## EXERCISE AIM
Copy every entry exactly as given, minus the images.

--- PROVIDED DATA Enclosed Below ---

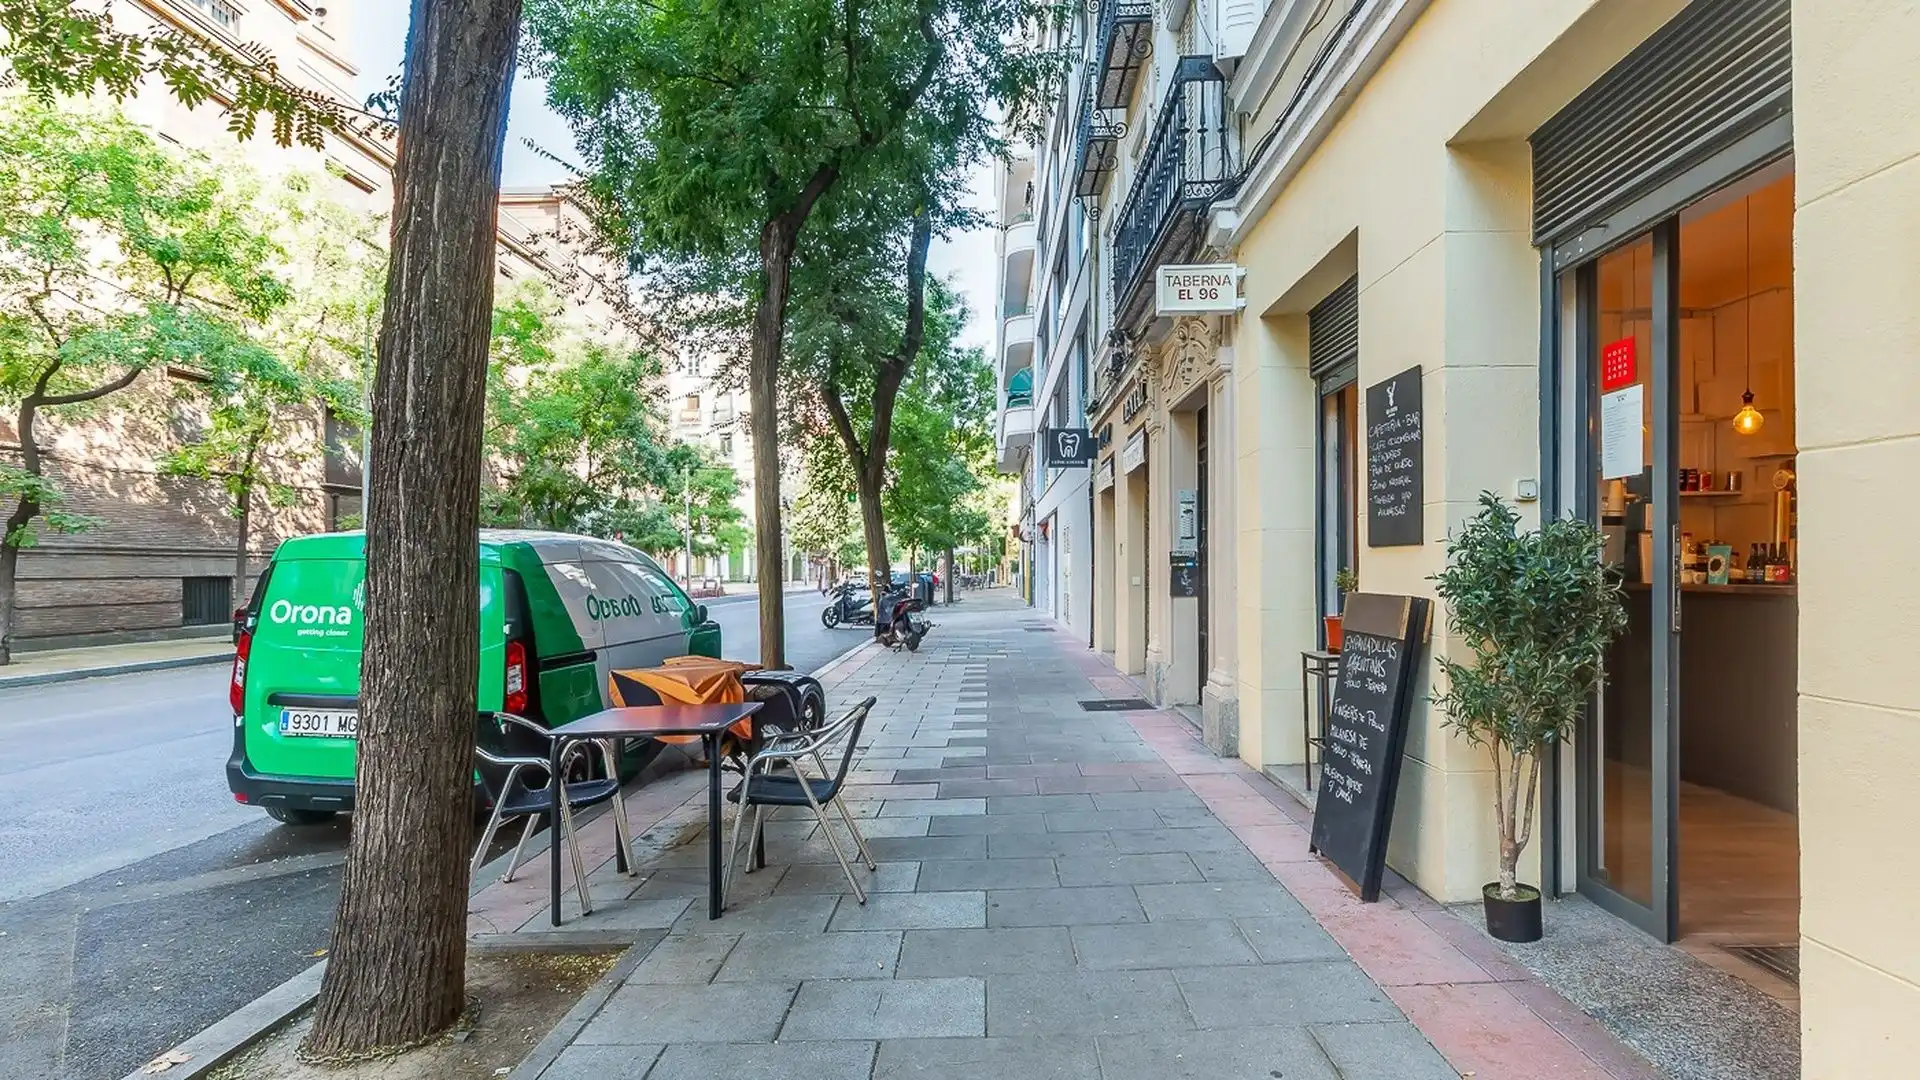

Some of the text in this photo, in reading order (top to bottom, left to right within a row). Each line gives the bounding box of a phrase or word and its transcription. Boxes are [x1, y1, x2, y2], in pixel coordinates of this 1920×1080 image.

[1165, 274, 1232, 287] TABERNA
[1178, 287, 1219, 300] EL 96
[270, 599, 352, 625] Orona
[292, 714, 358, 733] 9301 MG

--- End of Enclosed PROVIDED DATA ---

## RESULT
Some of the text in this photo, in reading order (top to bottom, left to right within a row). Each line gives the bounding box of a phrase or word and its transcription. Boxes are [x1, y1, x2, y2], in pixel coordinates of this 1920×1080 image.

[1165, 274, 1232, 287] TABERNA
[1178, 287, 1219, 300] EL 96
[270, 599, 352, 625] Orona
[292, 714, 358, 733] 9301 MG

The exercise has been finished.